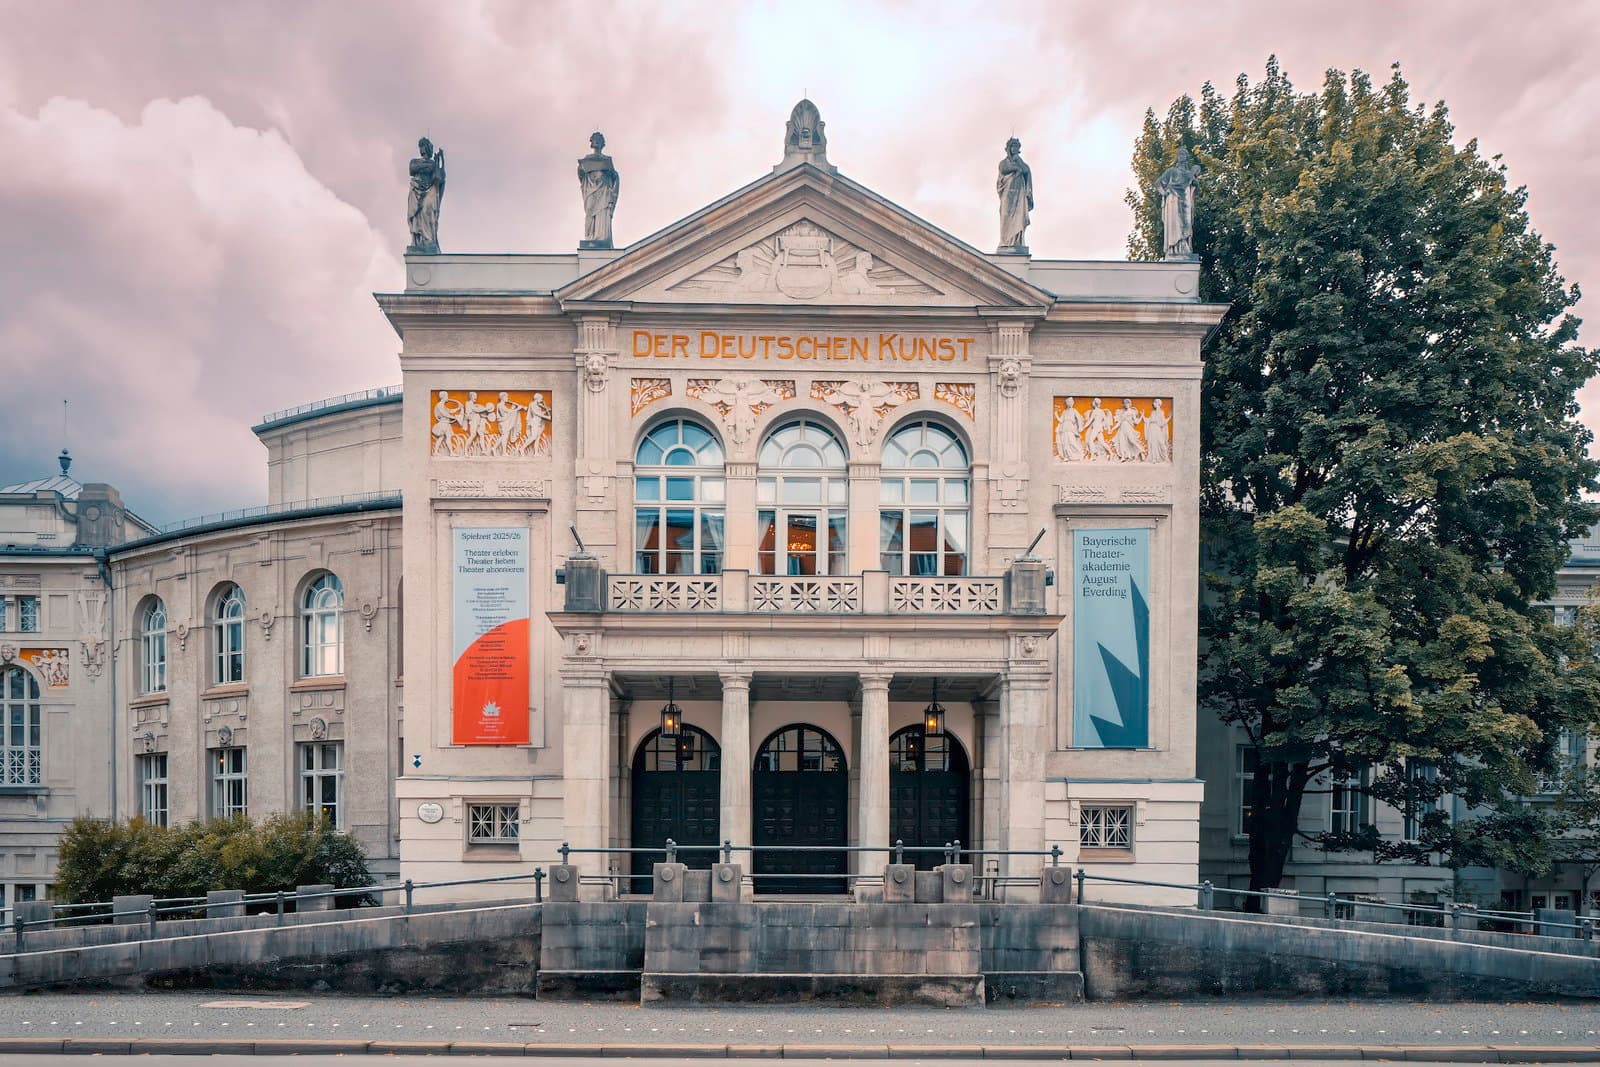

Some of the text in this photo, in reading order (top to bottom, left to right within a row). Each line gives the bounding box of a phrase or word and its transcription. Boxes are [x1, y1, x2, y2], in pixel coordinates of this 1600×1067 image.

[633, 331, 976, 361] DER DEUTSCHEN KUNST
[461, 532, 521, 541] Spielzeit 2025/26
[1082, 536, 1137, 548] Bayerische
[1082, 549, 1125, 558] Theater-
[1082, 561, 1131, 571] akademie
[1082, 574, 1118, 586] August
[1082, 587, 1127, 599] Everding
####################
> _Task goal_
Print each record exactly as it stands, omitting the pictures.

> _Finished task_
Some of the text in this photo, in reading order (top to bottom, left to right within a row). Each line gives the bounding box of a phrase or word and its transcription. Boxes are [x1, y1, x2, y2], in pixel coordinates of this 1600×1067 image.

[633, 331, 976, 361] DER DEUTSCHEN KUNST
[461, 532, 521, 541] Spielzeit 2025/26
[1082, 536, 1137, 548] Bayerische
[1082, 549, 1125, 558] Theater-
[1082, 561, 1131, 571] akademie
[1082, 574, 1118, 586] August
[1082, 587, 1127, 599] Everding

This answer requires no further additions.